Question Classification is one of the key tasks of Cognitive Systems based on the Question Answering paradigm. It aims at identifying the type of the possible answer for a question expressed in natural language. Machine learning techniques are typically employed for this task, and exploit a high number of features extracted from labelled questions of benchmark training sets in order to achieve good classification results. However, the high dimensionality of the feature space often limits the possibility of applying more efficient classification approaches, due to high training costs. In this work, more compact sets of lexical and syntactic features are proposed to distinguish question classes. In particular, the widely used unigrams are substituted with a smaller number of features, extracted by modifying typical Natural Language Processing procedures for question analysis. The accuracy values gained on a benchmark dataset by using these different sets of features are compared among them and with the state-of-the-art, taking into account the required complexity at the same time.
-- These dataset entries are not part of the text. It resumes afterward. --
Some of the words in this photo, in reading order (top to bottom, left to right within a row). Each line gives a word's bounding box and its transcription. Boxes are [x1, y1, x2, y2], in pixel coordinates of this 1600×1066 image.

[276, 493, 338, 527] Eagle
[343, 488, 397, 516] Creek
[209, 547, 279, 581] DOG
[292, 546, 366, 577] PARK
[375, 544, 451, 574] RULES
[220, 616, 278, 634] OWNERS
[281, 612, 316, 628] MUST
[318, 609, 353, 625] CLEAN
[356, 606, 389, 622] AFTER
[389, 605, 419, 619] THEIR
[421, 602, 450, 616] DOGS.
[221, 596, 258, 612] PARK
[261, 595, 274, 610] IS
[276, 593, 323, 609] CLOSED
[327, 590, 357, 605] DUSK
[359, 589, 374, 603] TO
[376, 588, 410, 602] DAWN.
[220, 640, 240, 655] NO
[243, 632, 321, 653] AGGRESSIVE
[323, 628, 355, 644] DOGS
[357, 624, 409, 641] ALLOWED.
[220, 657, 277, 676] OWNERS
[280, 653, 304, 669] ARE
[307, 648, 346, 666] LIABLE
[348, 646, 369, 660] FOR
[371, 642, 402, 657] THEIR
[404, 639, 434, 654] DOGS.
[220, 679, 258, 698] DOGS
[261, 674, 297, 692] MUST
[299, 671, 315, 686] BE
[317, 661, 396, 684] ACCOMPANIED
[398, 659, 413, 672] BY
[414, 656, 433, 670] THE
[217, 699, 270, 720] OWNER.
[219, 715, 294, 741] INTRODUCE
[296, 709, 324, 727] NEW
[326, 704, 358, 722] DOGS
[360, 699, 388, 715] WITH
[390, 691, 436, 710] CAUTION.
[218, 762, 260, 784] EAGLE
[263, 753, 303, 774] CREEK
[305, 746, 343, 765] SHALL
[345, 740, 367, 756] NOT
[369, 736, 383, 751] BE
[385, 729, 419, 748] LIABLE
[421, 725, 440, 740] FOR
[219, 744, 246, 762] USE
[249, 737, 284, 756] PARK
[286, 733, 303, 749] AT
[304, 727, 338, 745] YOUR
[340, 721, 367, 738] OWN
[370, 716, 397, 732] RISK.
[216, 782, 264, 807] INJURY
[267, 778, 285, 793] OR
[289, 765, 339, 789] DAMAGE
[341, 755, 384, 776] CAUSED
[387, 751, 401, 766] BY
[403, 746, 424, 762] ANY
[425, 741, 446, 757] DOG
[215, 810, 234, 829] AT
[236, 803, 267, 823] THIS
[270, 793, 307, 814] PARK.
The new sets of extracted features show a good trade-off between accuracy and complexity.
认知系统中问题分类的压缩特征提取:比较研究
问题分类是基于问答范式的认知系统的关键任务之一。它旨在识别用自然语言表达的问题的可能答案的类型。机器学习技术通常用于此任务,并利用从基准训练集的标记问题中提取的大量特征来获得良好的分类结果。然而,由于训练成本高,特征空间的高维常常限制了应用更有效分类方法的可能性。在这项工作中,提出了更紧凑的词汇和句法特征集来区分问题类别。特别是,通过修改典型的自然语言处理程序以进行问题分析,将广泛使用的单字图替换为数量较少的特征。通过使用这些不同的特征集在基准数据集上获得的精度值在它们之间进行比较,并与最先进的进行比较,同时考虑到所需的复杂性。新提取的特征集在准确性和复杂性之间取得了很好的平衡。
本文章由计算机程序翻译,如有差异,请以英文原文为准。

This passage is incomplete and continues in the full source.